## WHAT THE TASK REQUIRES
Please copy the records below word for word, leaving out the pictures.

--------------------------------------------------

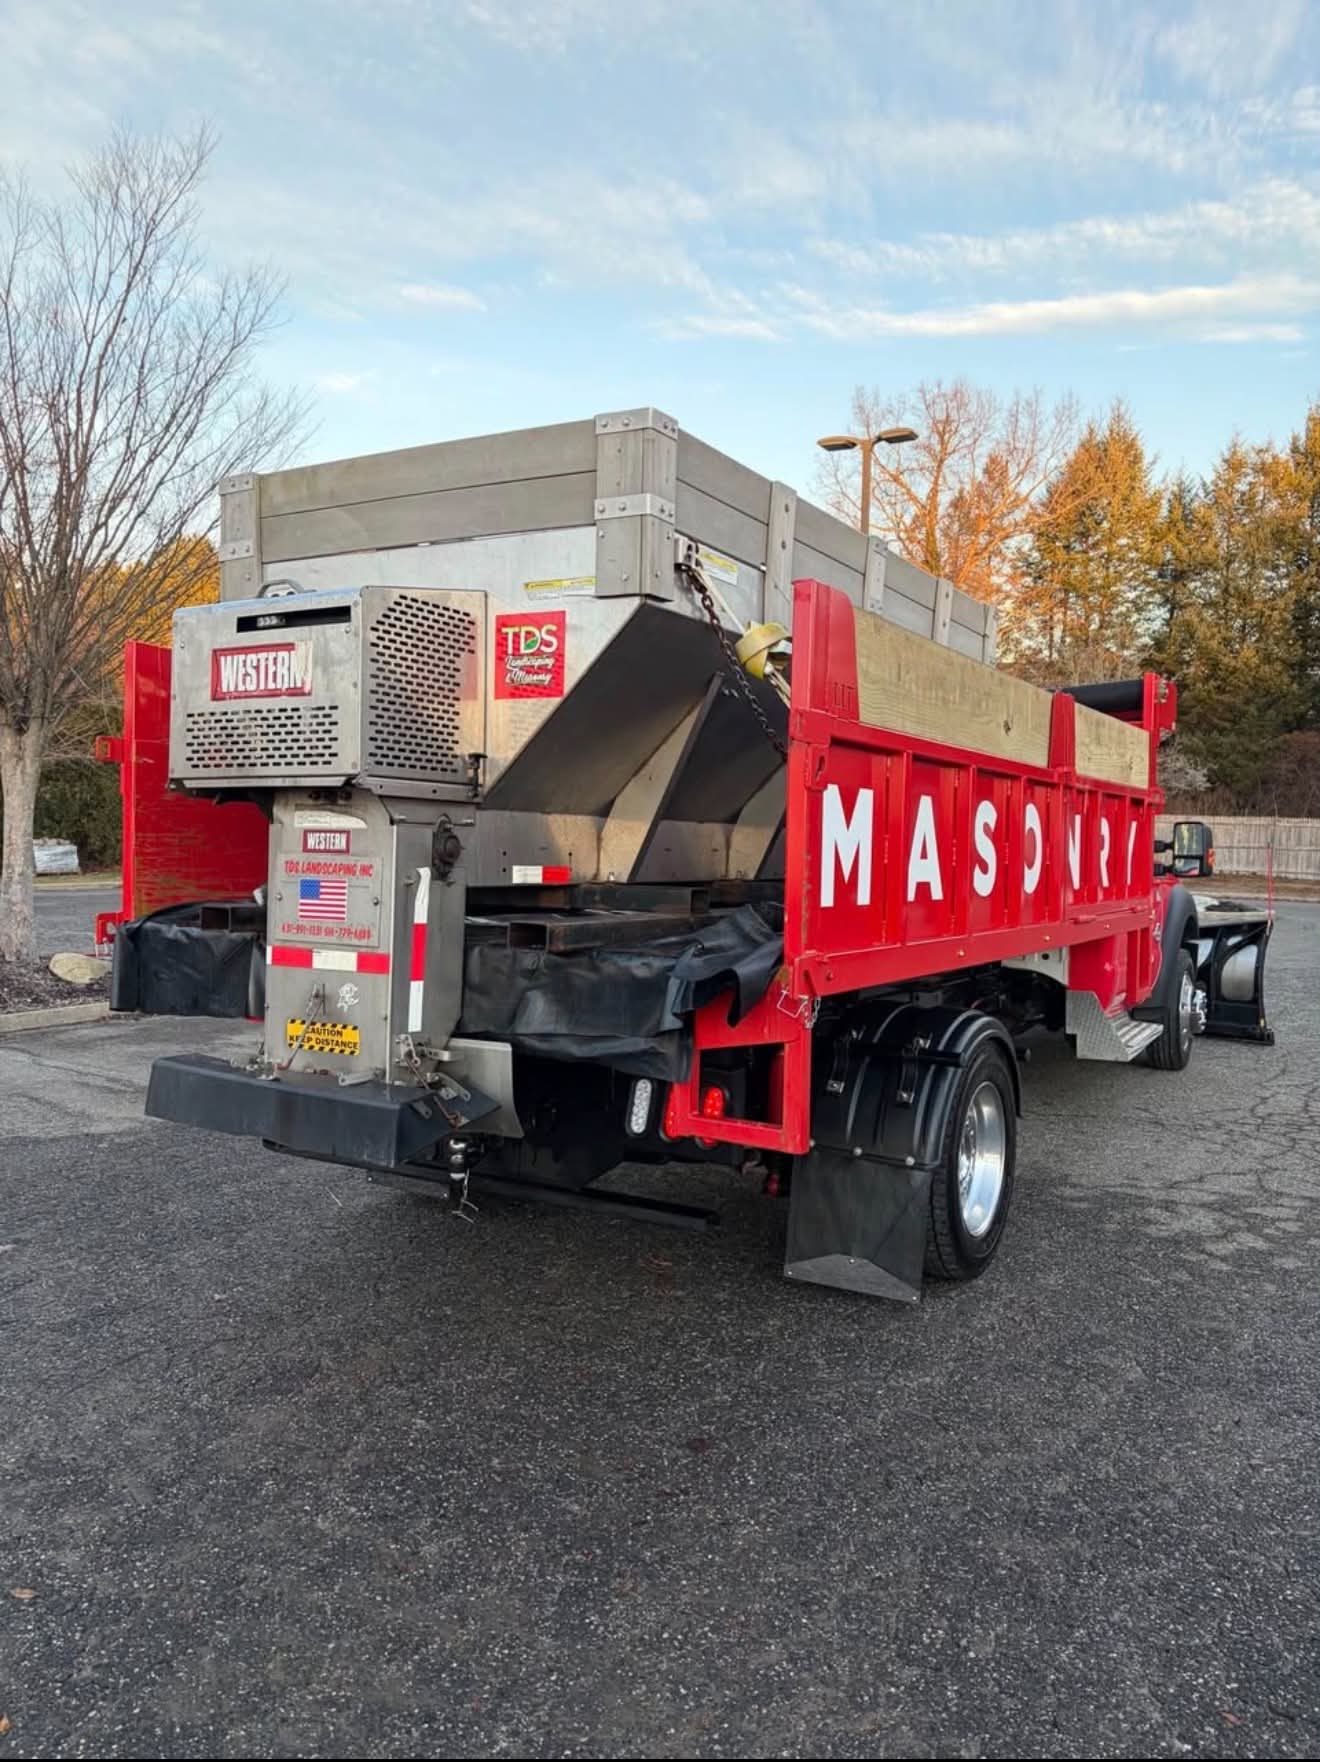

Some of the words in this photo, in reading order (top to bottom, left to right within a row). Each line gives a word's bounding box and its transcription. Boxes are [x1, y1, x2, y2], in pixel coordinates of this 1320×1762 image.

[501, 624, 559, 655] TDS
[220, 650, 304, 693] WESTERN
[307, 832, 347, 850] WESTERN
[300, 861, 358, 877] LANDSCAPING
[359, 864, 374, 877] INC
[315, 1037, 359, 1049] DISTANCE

--------------------------------------------------

## RESPONSE TO THE TASK
Some of the words in this photo, in reading order (top to bottom, left to right within a row). Each line gives a word's bounding box and its transcription. Boxes are [x1, y1, x2, y2], in pixel coordinates of this 1320×1762 image.

[501, 624, 559, 655] TDS
[220, 650, 304, 693] WESTERN
[307, 832, 347, 850] WESTERN
[300, 861, 358, 877] LANDSCAPING
[359, 864, 374, 877] INC
[315, 1037, 359, 1049] DISTANCE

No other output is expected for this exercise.